──────── INFORMATION ────────

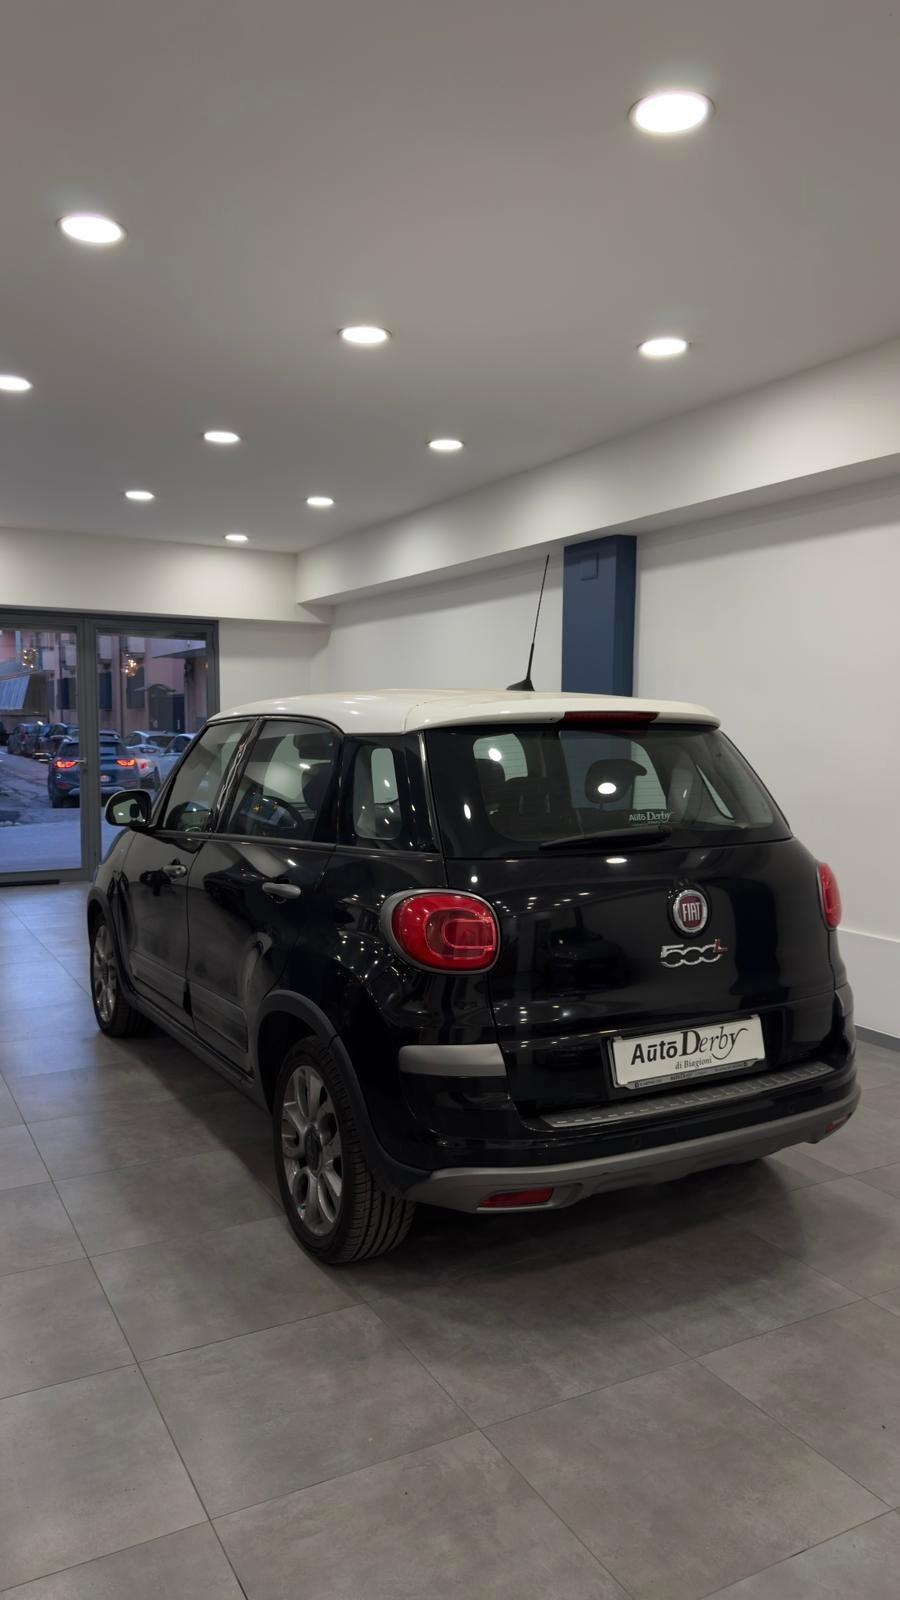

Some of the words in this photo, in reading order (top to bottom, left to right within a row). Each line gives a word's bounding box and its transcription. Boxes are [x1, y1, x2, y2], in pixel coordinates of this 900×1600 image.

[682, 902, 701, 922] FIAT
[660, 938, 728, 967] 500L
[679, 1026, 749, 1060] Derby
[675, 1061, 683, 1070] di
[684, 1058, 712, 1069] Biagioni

────────

WHAT YOU HAVE TO DO :: In your copy, every entry above must match word for word, and no picture may appear.

RESPONSE BOX ::
Some of the words in this photo, in reading order (top to bottom, left to right within a row). Each line gives a word's bounding box and its transcription. Boxes are [x1, y1, x2, y2], in pixel coordinates of this 900×1600 image.

[682, 902, 701, 922] FIAT
[660, 938, 728, 967] 500L
[679, 1026, 749, 1060] Derby
[675, 1061, 683, 1070] di
[684, 1058, 712, 1069] Biagioni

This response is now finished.